Those sheets – that is, the ones bearing the Prov term – are all comparably organized, each earmarking and cross-tabbing its first 19 records by medical speciality aggregates and waiting times, these expressed in one-week intervals. The next, 20th record then vertically sums the per-week totals; the remaining records break out the data by individual hospitals.

Those 20 aggregating rows loose a familiar complication upon the data sets, at for the pivot tablers among you. As per previous discussions, the rows in effect double-count the patient figures, by duplicating the hospital-by-hospital totals. And again, for the pivot-table minded, the weekly wait fields could have been more serviceably sown in a single field, for reasons which recalled numerous times.

But those impediments don’t daunt all efforts at analysis. You’ll observe the GT 00 to 18 Weeks SUM fields posted to the far reaches of the PROV sheets, these tabulating the numbers of patients obliged to wait up to 18 weeks for the respective attentions described in the sheets.
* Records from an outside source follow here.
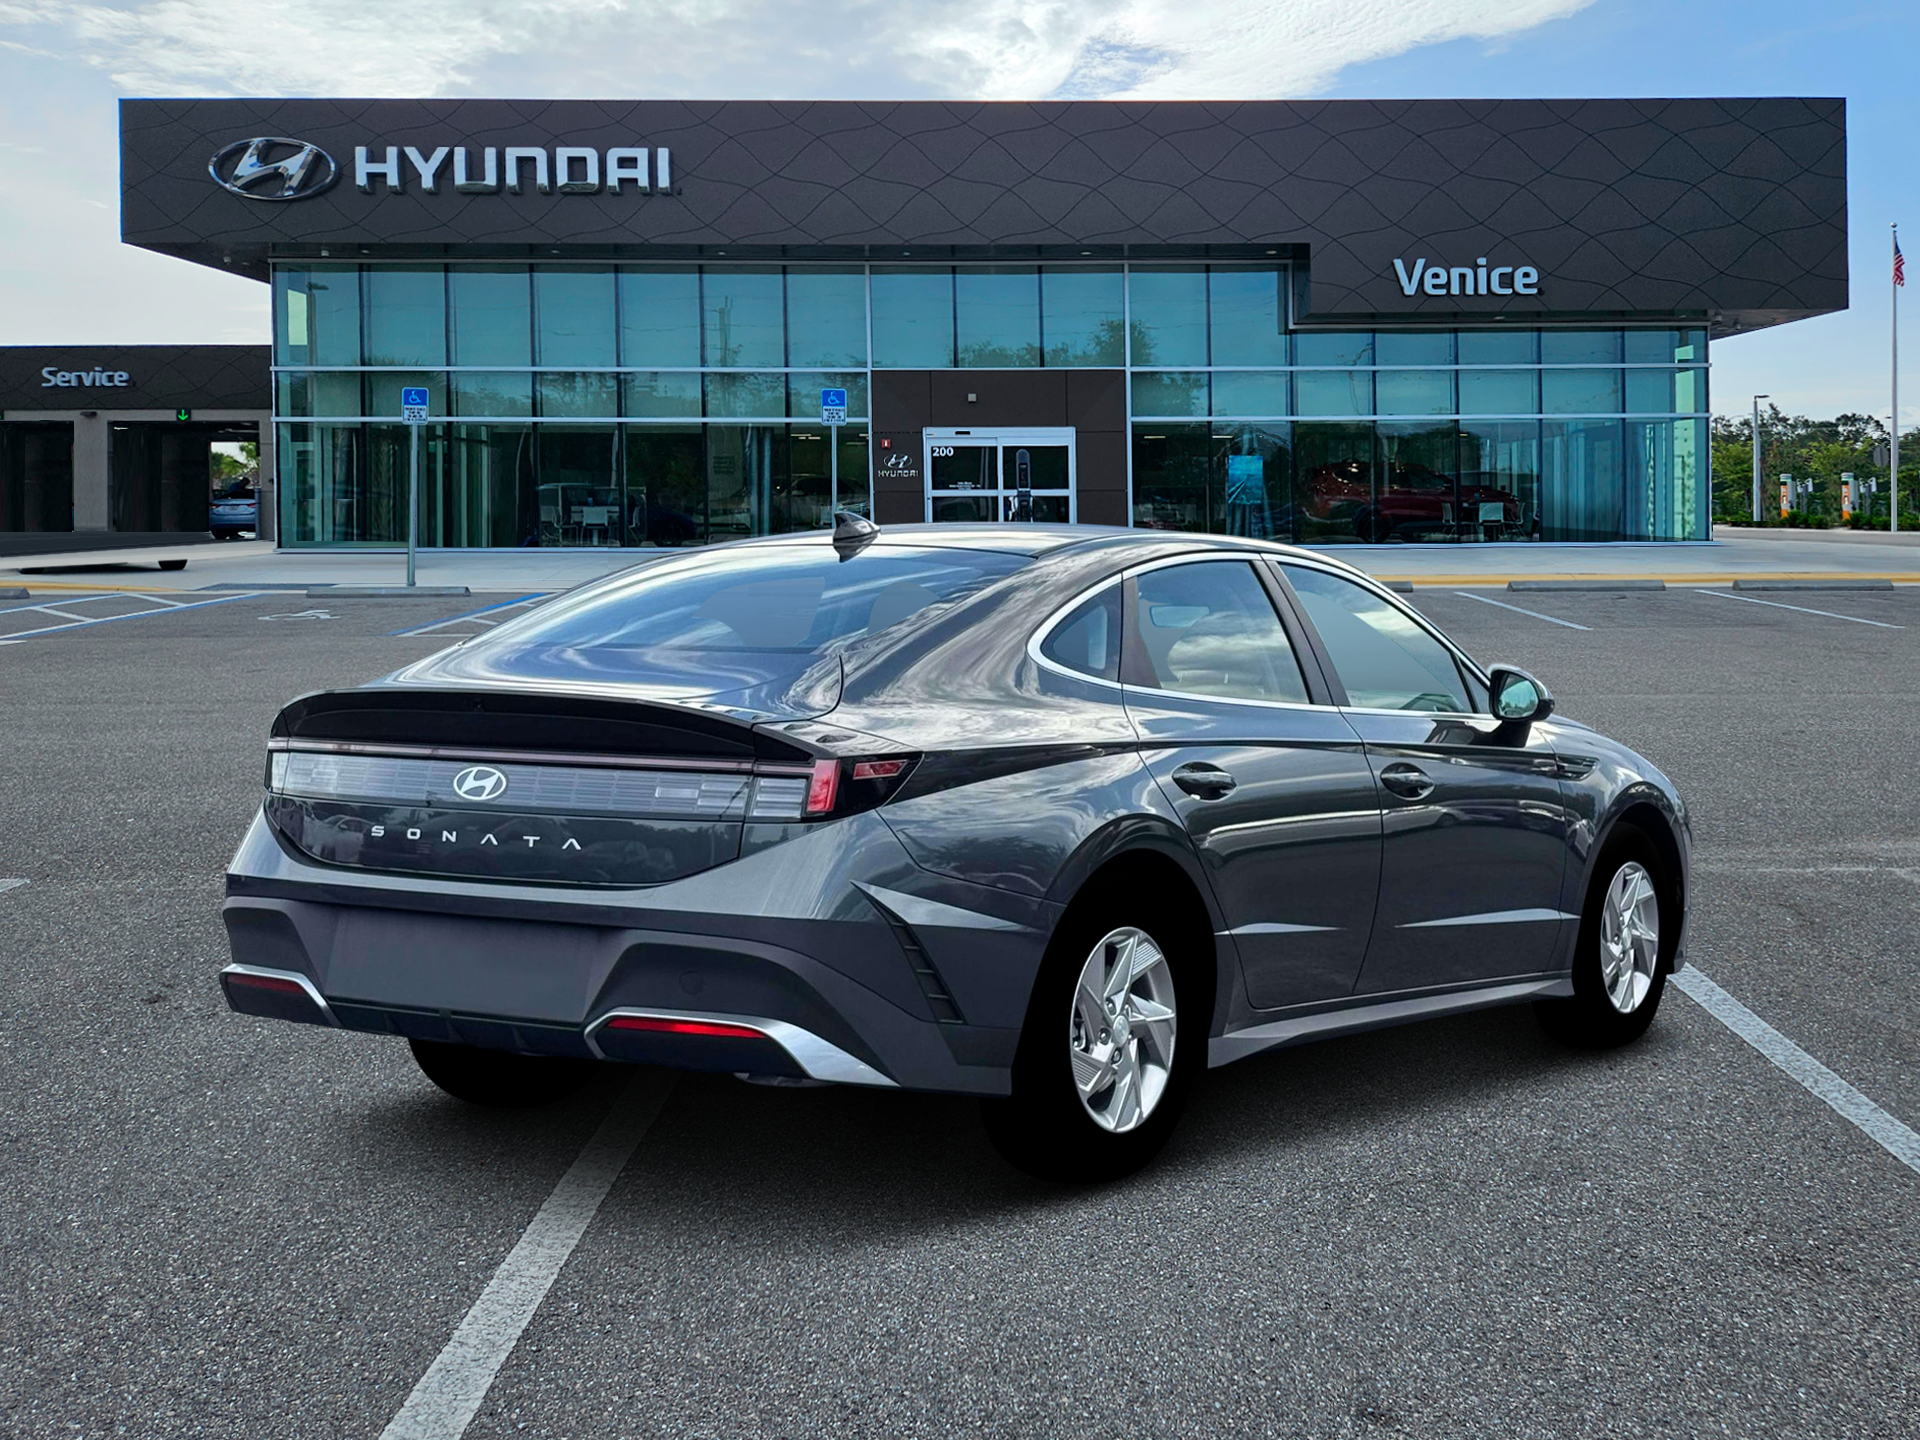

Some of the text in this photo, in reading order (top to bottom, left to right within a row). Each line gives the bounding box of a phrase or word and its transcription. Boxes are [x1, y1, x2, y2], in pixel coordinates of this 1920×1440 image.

[355, 146, 670, 194] HYUNDAI
[1393, 257, 1539, 296] Venice
[41, 366, 130, 387] Service
[932, 447, 954, 457] 200
[878, 470, 919, 478] HYUNDAI
[371, 825, 582, 850] SONATA
I began to wonder, then, if an efficient formulaic way to measure patient waits for any number of weeks could be drawn up, and I came up with two (and there are others).
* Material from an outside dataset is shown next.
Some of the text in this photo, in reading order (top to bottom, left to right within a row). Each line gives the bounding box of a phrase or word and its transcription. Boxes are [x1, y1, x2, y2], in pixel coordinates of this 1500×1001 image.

That is, I want to be able to learn for example how many General Surgery patients had to wait up to 14 weeks for treatment, by empowering the user to enter any medical specialty and week-wait duration (I’m assuming here that the wait is to be invariably measured from the inception of the wait – 0 weeks).
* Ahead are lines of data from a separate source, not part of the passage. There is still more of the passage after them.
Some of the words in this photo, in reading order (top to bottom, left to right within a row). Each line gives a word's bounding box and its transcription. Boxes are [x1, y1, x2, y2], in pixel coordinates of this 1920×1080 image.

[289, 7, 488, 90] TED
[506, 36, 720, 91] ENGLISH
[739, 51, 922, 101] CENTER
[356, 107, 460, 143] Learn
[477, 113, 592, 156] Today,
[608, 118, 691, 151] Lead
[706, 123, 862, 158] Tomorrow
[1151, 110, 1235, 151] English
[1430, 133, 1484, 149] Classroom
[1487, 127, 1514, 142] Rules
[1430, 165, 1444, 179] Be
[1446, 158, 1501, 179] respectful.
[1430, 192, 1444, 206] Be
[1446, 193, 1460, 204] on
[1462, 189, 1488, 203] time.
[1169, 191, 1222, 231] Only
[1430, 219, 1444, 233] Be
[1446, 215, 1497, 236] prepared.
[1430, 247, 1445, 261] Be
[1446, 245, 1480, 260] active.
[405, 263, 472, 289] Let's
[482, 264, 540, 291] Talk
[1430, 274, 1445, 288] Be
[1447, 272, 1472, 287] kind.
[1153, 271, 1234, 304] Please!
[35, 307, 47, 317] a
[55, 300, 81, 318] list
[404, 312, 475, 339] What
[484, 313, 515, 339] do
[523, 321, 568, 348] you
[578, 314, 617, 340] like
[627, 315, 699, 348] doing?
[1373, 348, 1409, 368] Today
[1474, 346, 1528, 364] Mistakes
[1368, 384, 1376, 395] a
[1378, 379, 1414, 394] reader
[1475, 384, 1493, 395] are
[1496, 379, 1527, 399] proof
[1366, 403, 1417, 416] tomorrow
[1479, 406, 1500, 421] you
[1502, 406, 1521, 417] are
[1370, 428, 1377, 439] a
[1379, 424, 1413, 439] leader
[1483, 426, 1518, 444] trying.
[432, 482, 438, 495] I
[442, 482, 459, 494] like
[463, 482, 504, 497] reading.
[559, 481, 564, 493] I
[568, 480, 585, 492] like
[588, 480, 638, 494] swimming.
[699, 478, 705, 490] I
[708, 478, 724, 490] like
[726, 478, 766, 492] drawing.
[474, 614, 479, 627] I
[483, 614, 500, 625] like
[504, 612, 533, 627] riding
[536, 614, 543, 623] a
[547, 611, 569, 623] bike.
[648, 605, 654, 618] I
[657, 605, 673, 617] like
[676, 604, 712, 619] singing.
Assuming I’m looking at the IncompProv sheet – though what we do there should transpose pretty effortlessly to the other Prov data – I’d begin by instituting a dropdown menu of medical specialties, say in E1. I’d continue with another dropdown, this one unrolling the wait headers in set down row 3 (that is, the dropdown data – and not the menu itself – are to be found in row 3)..

I’d next select F3:B22, thereby spanning all the specialty aggregate names along with the week-wait values data. While the selection is in force I can muster an old but valuable option, Formulas > Create from Selection in the Defined Names button group. That run-through takes me here:

wait1

Click OK and each row and column in the selection receives a range name coined by the label to its left or immediately above its column (note that labels themselves are not enrolled in the range, and Excel’s reference to values in the above may mislead you. The ranges here are all textual). And by way of a final, preparatory touch, I’d consecutively number the weeks right above their columns in row 2, assigning 1 to 0-1 Weeks, 2 to 1-2 Weeks, and so on.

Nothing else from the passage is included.